Task details - Only the pictures are dropped. Restate each line below word for word.

[Saved entries]
=== Begin Enclosure ===
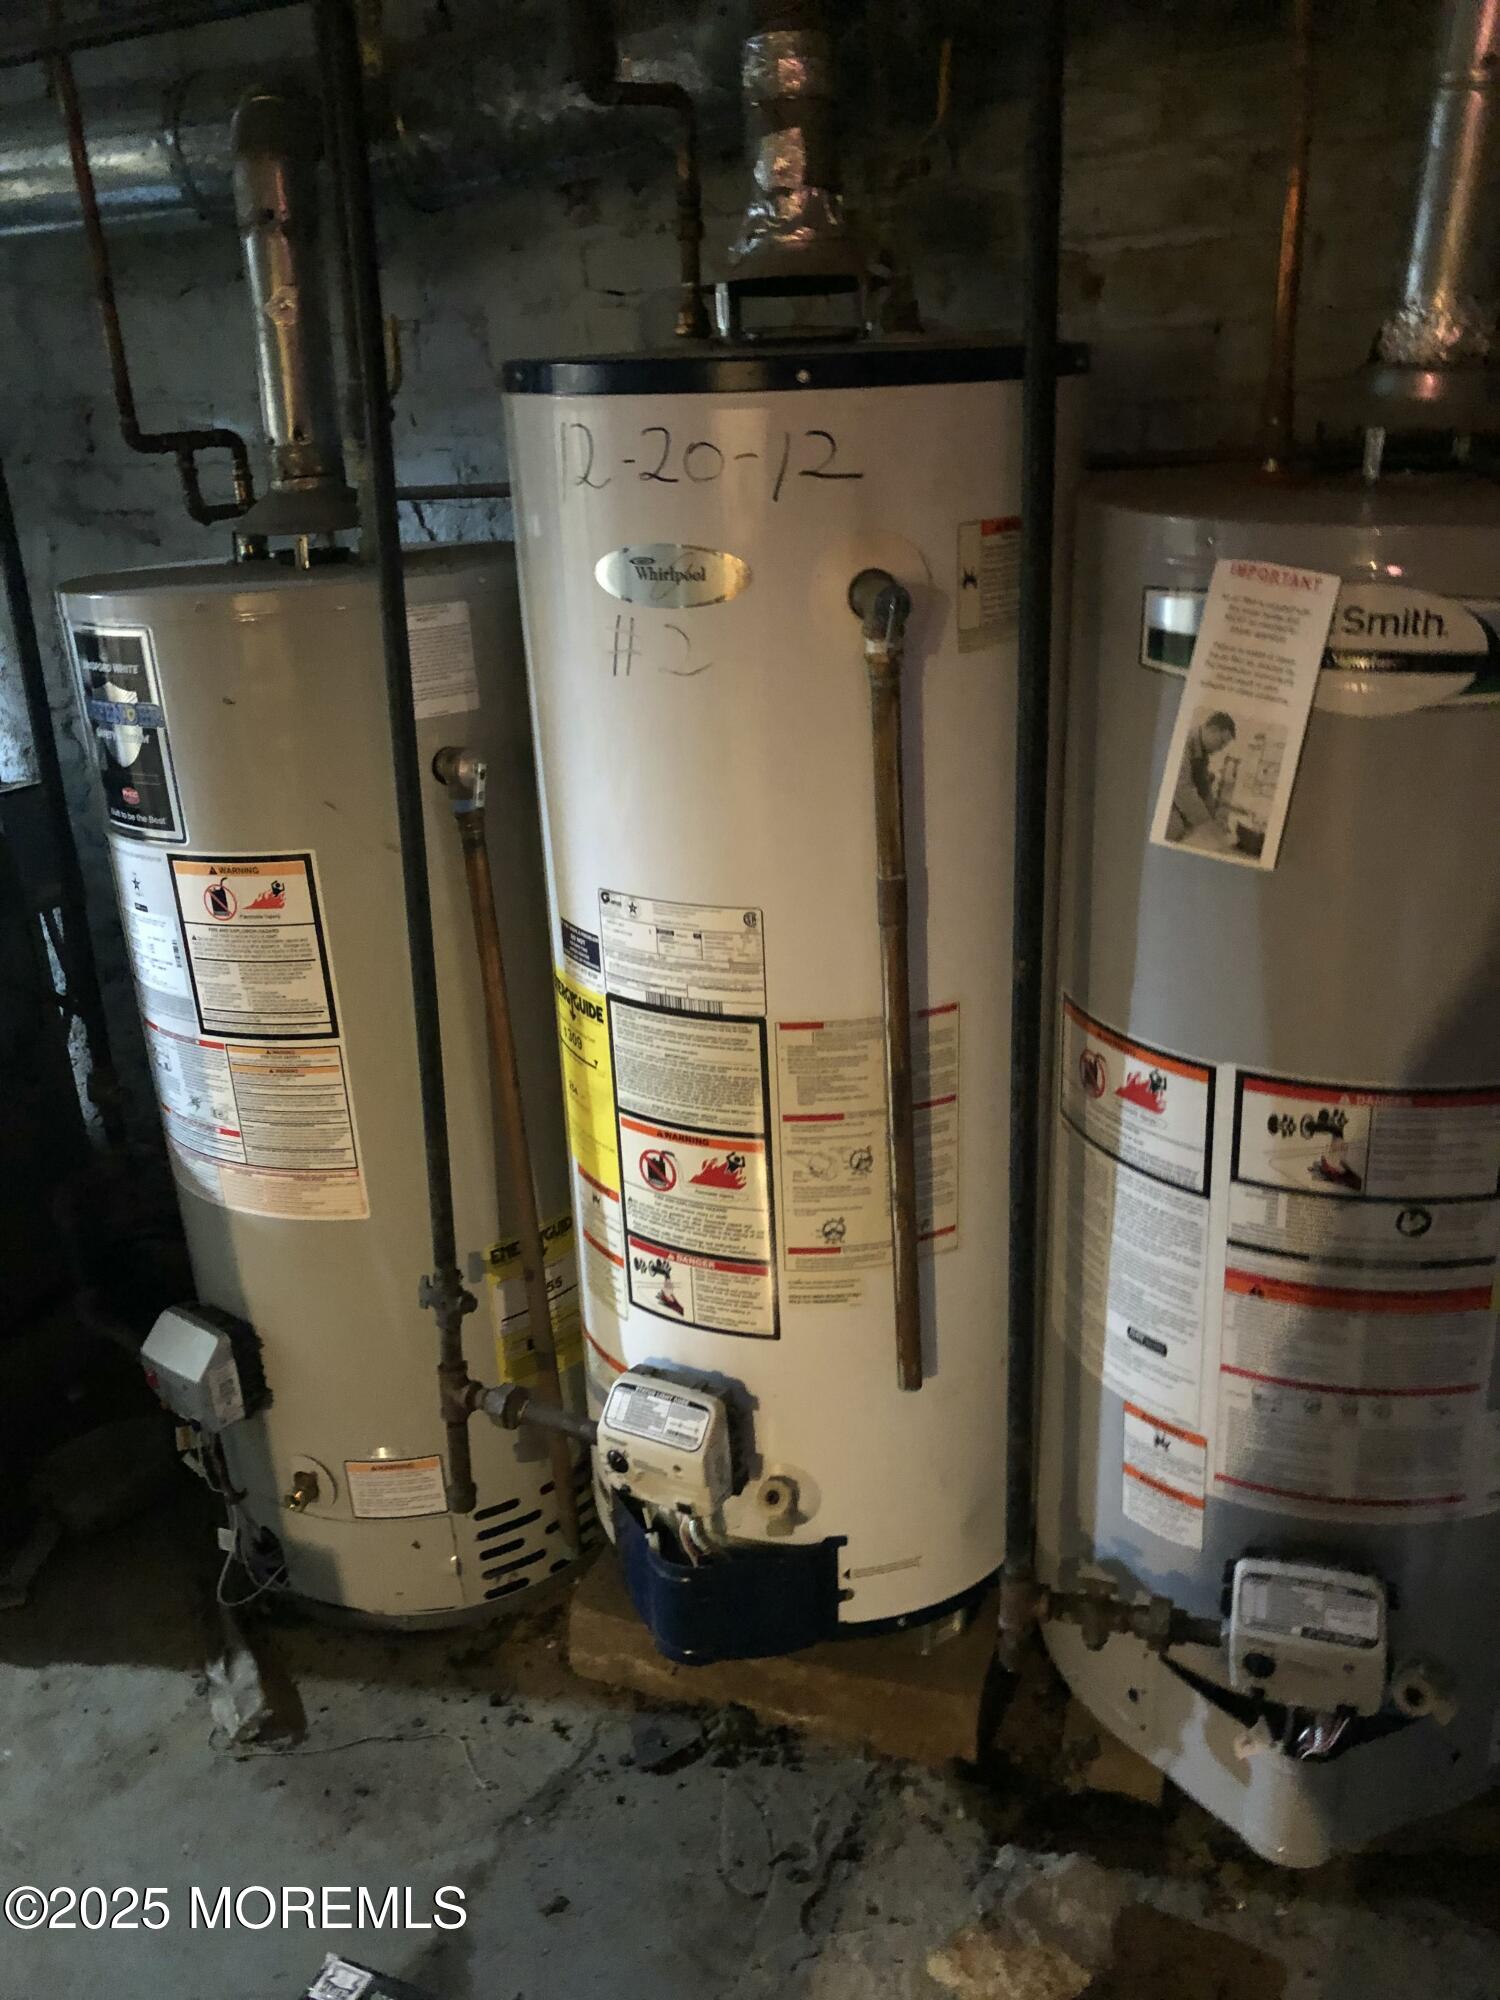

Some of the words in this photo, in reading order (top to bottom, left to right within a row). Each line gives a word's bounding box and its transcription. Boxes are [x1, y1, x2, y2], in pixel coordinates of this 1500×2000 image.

[561, 422, 864, 502] 12-20-12
[634, 564, 706, 585] Whirlpool
[1230, 563, 1323, 592] IMPORTANT
[1342, 604, 1446, 638] Smith
[219, 866, 260, 875] WARNING
[663, 1131, 710, 1147] WARNING
[676, 1254, 716, 1270] DANGER
=== End Enclosure ===
Result of the exercise -
Some of the words in this photo, in reading order (top to bottom, left to right within a row). Each line gives a word's bounding box and its transcription. Boxes are [x1, y1, x2, y2], in pixel coordinates of this 1500×2000 image.

[561, 422, 864, 502] 12-20-12
[634, 564, 706, 585] Whirlpool
[1230, 563, 1323, 592] IMPORTANT
[1342, 604, 1446, 638] Smith
[219, 866, 260, 875] WARNING
[663, 1131, 710, 1147] WARNING
[676, 1254, 716, 1270] DANGER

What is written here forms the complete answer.